Nvidia's new Vera CPU secures early adoption from CoreWeave, Meta, Oracle, and Alibaba, opening a new compute market beyond GPU acceleration.
As CPU demand continues to surge in AI infrastructure, NVIDIA's Vera CPU racks are experiencing unprecedented interest from major industry players. According to GFHK (GF Holdings Hong Kong), CoreWeave, Meta, Oracle, and Alibaba have already secured Vera CPU racks as early adopters, positioning themselves at the forefront of the next generation of AI compute. This is reported to be an initial list, with further orders expected as the CPU super cycle accelerates.
The adoption of Vera by Alibaba is particularly noteworthy, as China faces restrictions on accessing NVIDIA's latest AI chips, including Rubin. The inclusion of one of China's prime AI firms among the early adopters underscores the tightness in global CPU supply chains. The broader market context shows that CPUs are being consumed tenfold across Agentic AI workflows, with both Intel and AMD experiencing massive demand.

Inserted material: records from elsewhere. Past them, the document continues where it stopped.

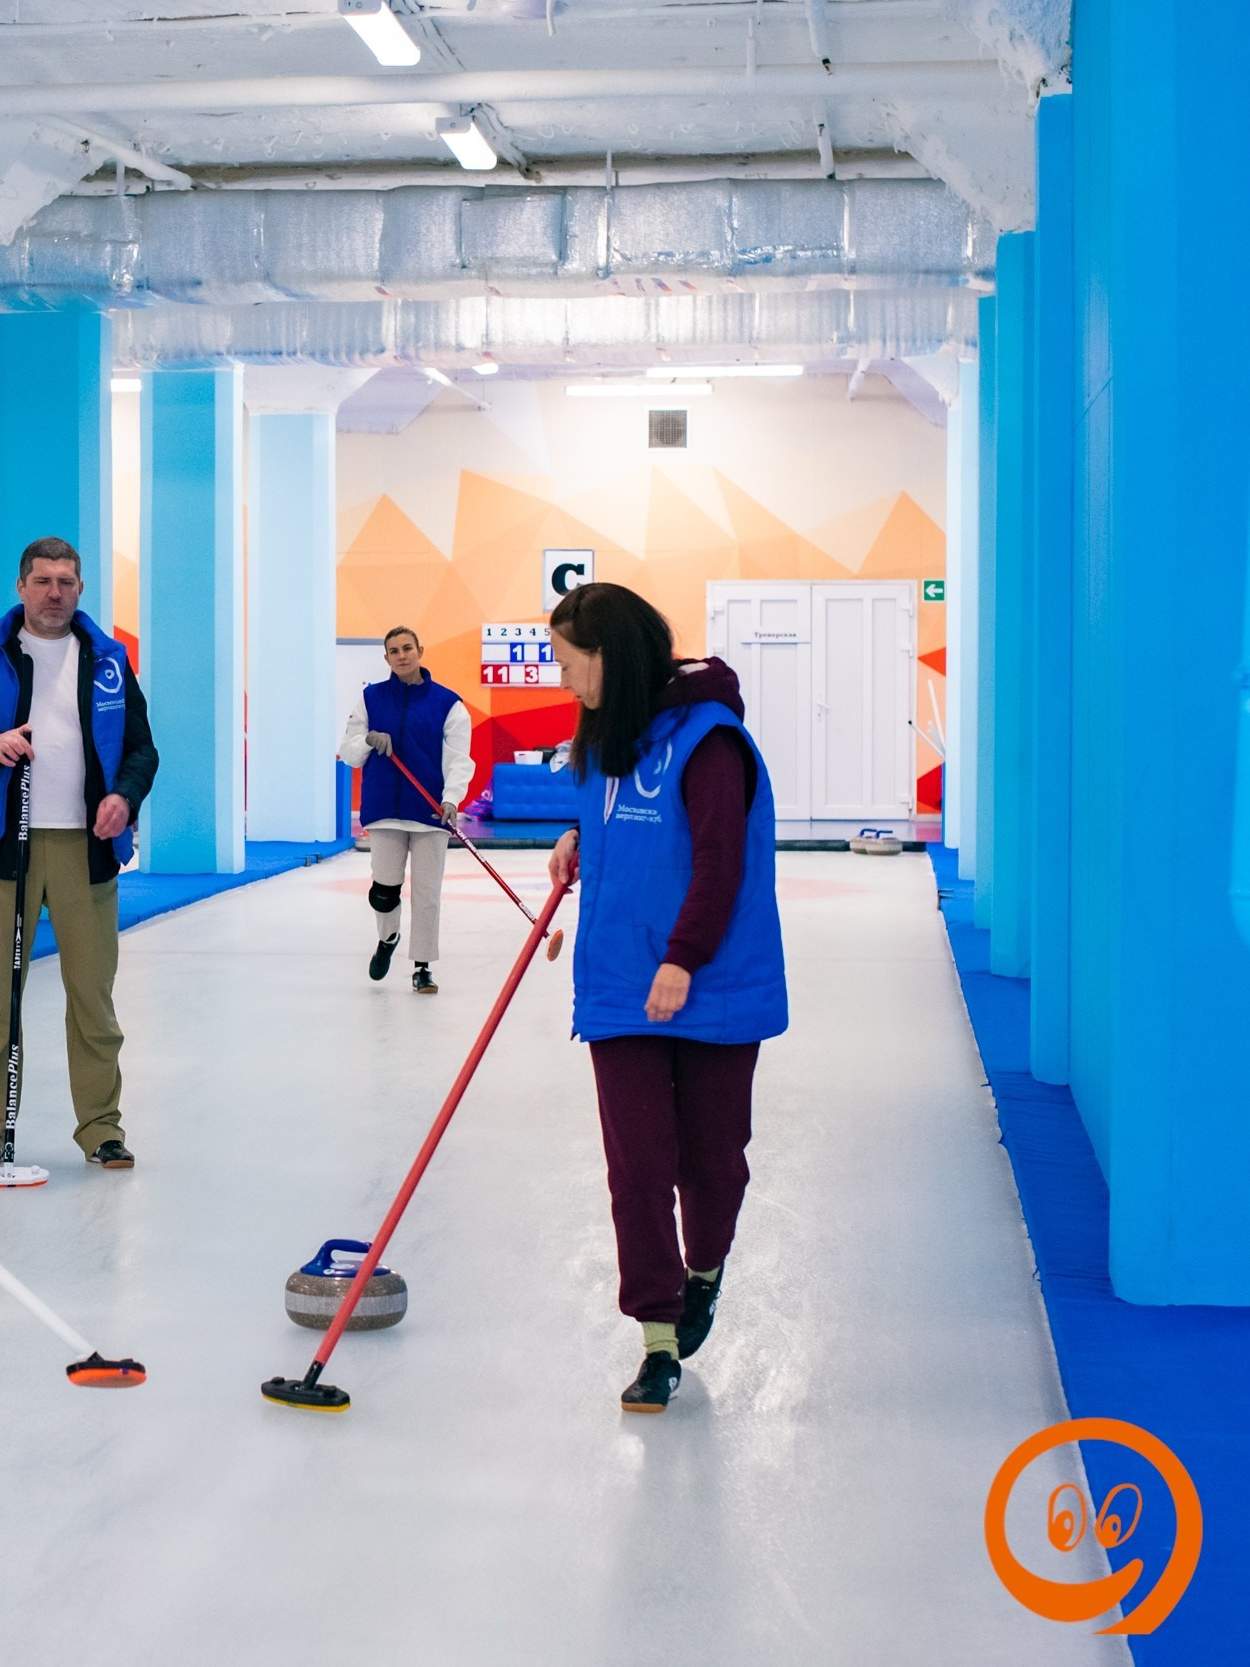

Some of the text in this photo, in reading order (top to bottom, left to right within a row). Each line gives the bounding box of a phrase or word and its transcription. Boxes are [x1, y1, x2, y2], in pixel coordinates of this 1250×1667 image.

[551, 563, 585, 596] C
[487, 628, 550, 636] 1 2 3 4 5
[525, 666, 538, 683] 3
[18, 764, 30, 841] BalancePlus
[6, 1044, 19, 1129] BalancePlus
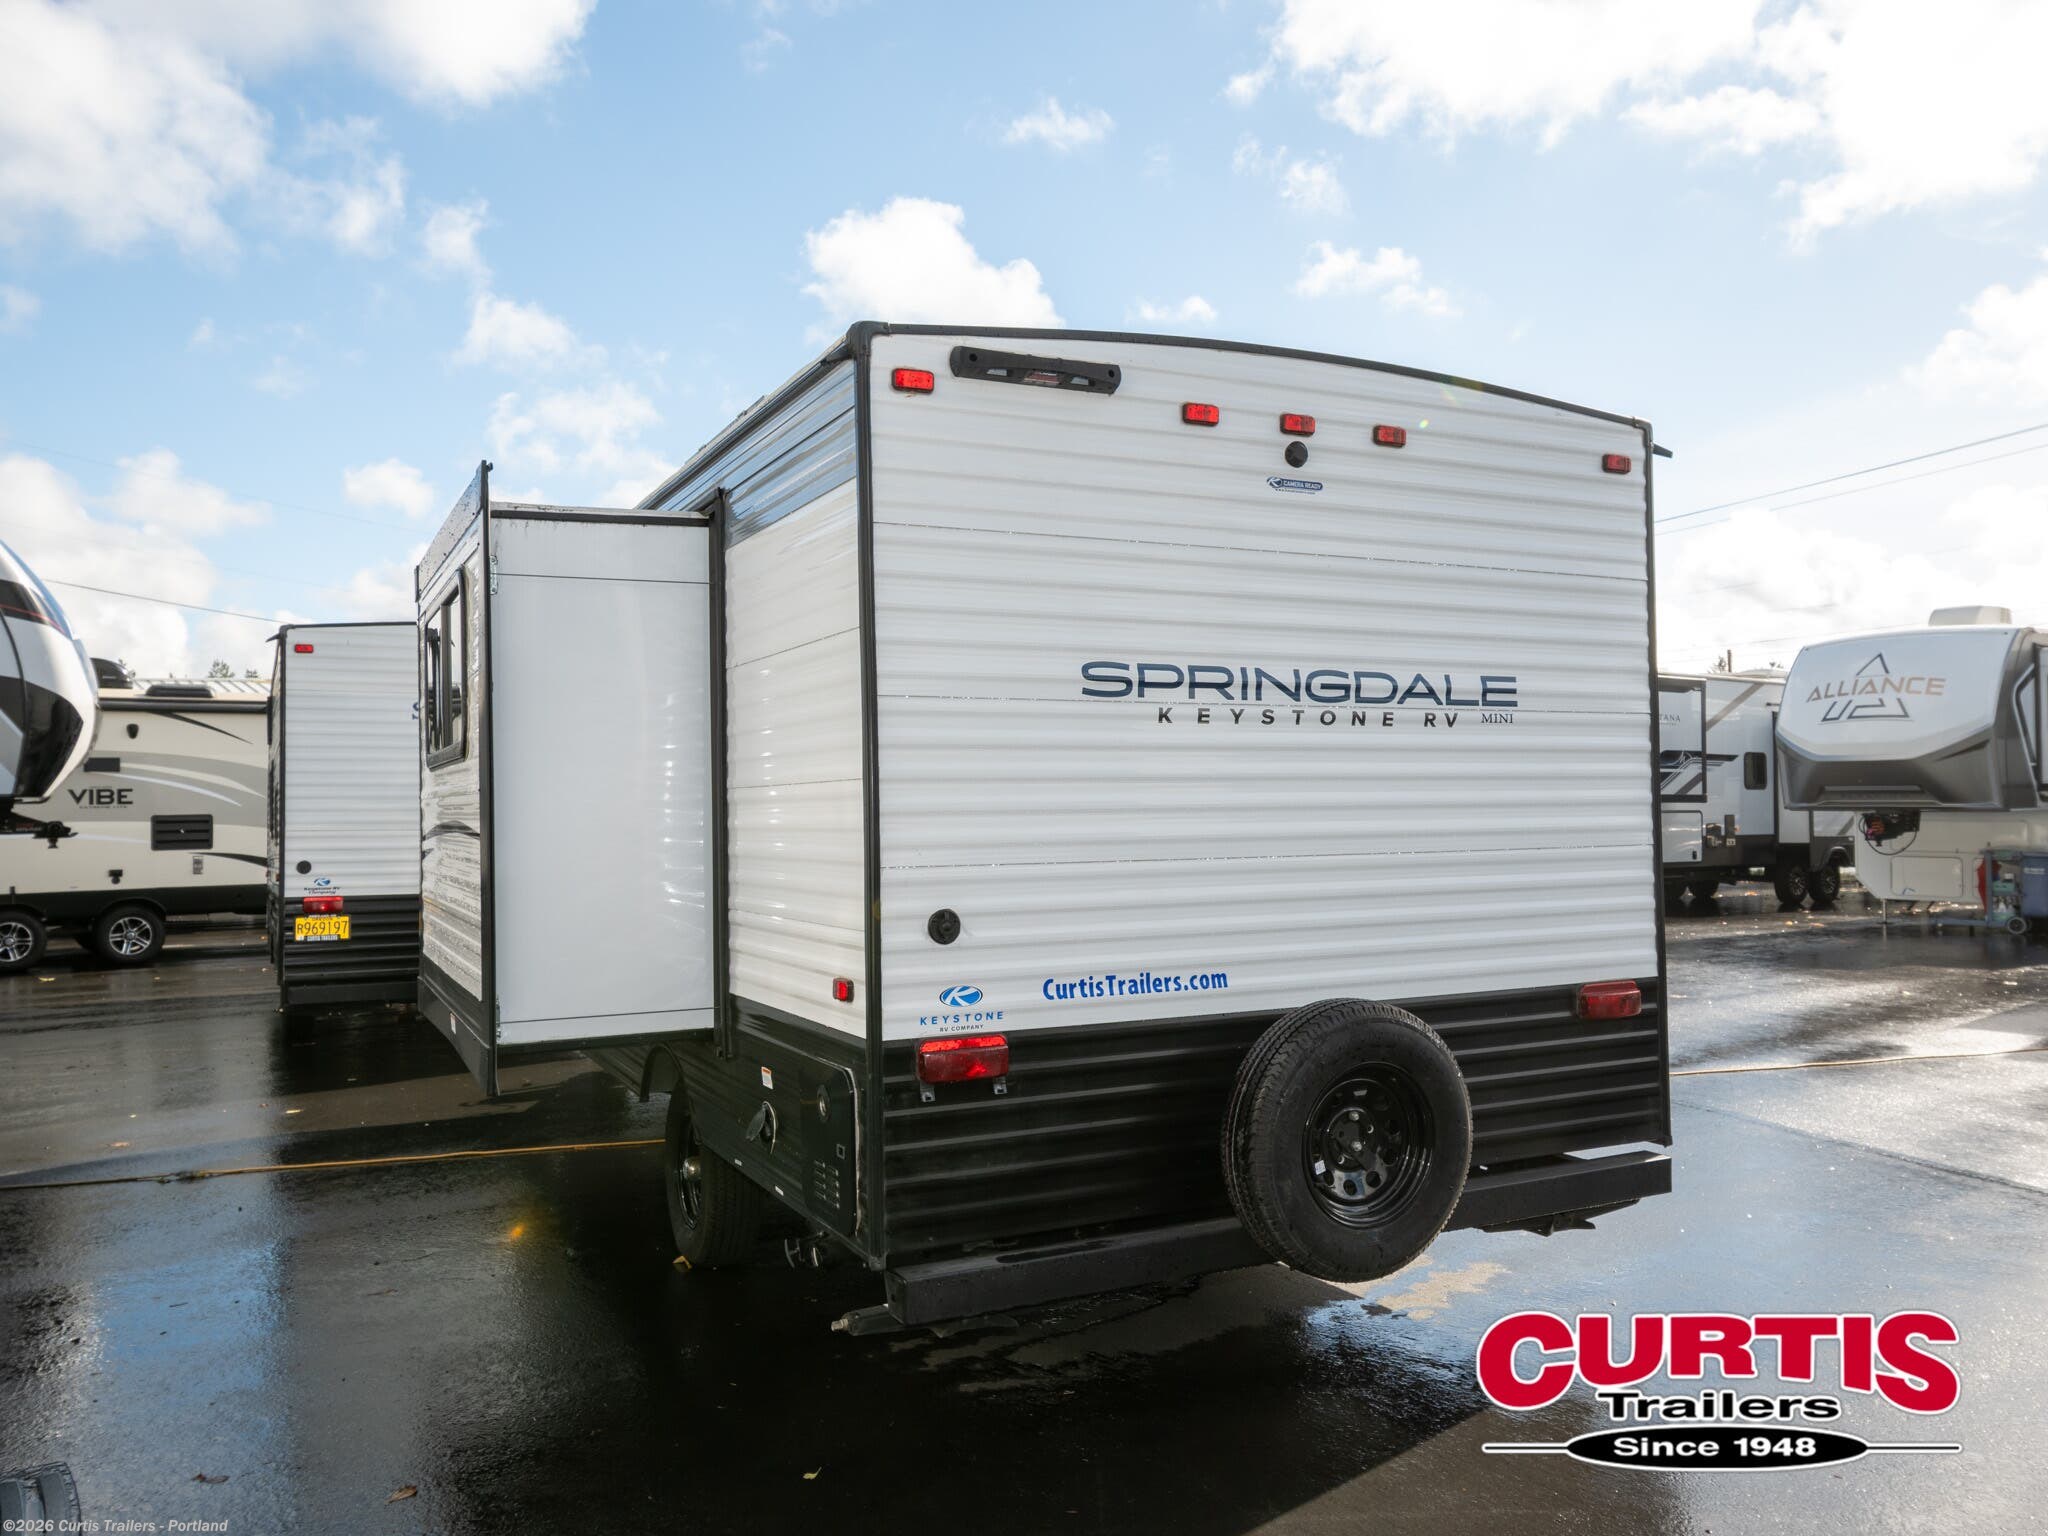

Beyond NVIDIA, competitors are advancing their own solutions: Arm has launched its AGI CPU, expected to ship $2.0 US billion in revenue, and Qualcomm is developing its own data center CPU anticipated to ship in 2028.
NVIDIA's Vera CPU is engineered with custom Arm architecture codenamed Olympus, featuring 88 cores and 176 threads with NVIDIA Spatial Multi-Threading. The processor incorporates a 1.8 TB/s NVLink-C2C coherent memory interconnect, 1.5 TB of system memory (3x Grace), and 1.2 TB/s of memory bandwidth with SOCAMM LPDDR5X, along with rack-scale confidential compute capabilities. According to NVIDIA, the Vera CPU delivers "extremely high single-threaded core performance, incredibly high data output, and extreme levels of energy efficiency," while offering "unrivaled performance per watt." The platform achieves 2x data processing, compression, and CI/CD performance compared to Grace.
NVIDIA's strategy extends beyond integration into the Vera Rubin platform, with Vera CPUs also being shipped standalone to establish what the company expects will become another multi-billion-dollar business. The Vera CPU is notably the world's first and only data center CPU to utilize LPDDR5 memory. As adoption scales, the demand for LPDDR5X DRAM is expected to swell significantly, given the platform's support for up to 1.5 TB of memory, intensifying constraints across the supply chain. NVIDIA's Vera Rubin platform is set for launch in the second half of this week, with mass production of the first racks commencing real soon.